[[ PROVIDED RECORDS, beginning ]]
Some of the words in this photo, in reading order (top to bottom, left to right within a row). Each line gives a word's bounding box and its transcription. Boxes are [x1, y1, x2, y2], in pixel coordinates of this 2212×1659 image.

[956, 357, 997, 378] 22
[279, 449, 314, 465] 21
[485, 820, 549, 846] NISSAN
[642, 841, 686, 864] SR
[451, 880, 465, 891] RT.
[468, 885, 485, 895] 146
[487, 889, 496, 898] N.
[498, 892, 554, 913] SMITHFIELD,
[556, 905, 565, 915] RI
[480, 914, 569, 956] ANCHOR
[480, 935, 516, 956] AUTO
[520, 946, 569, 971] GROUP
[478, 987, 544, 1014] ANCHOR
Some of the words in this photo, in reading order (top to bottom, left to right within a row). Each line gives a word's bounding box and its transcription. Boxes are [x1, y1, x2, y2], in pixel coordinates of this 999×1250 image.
[[ PROVIDED RECORDS, end ]]
Print all the records exactly as written.

Some of the words in this photo, in reading order (top to bottom, left to right within a row). Each line gives a word's bounding box and its transcription. Boxes are [x1, y1, x2, y2], in pixel coordinates of this 2212×1659 image.

[956, 357, 997, 378] 22
[279, 449, 314, 465] 21
[485, 820, 549, 846] NISSAN
[642, 841, 686, 864] SR
[451, 880, 465, 891] RT.
[468, 885, 485, 895] 146
[487, 889, 496, 898] N.
[498, 892, 554, 913] SMITHFIELD,
[556, 905, 565, 915] RI
[480, 914, 569, 956] ANCHOR
[480, 935, 516, 956] AUTO
[520, 946, 569, 971] GROUP
[478, 987, 544, 1014] ANCHOR
Some of the words in this photo, in reading order (top to bottom, left to right within a row). Each line gives a word's bounding box and its transcription. Boxes are [x1, y1, x2, y2], in pixel coordinates of this 999×1250 image.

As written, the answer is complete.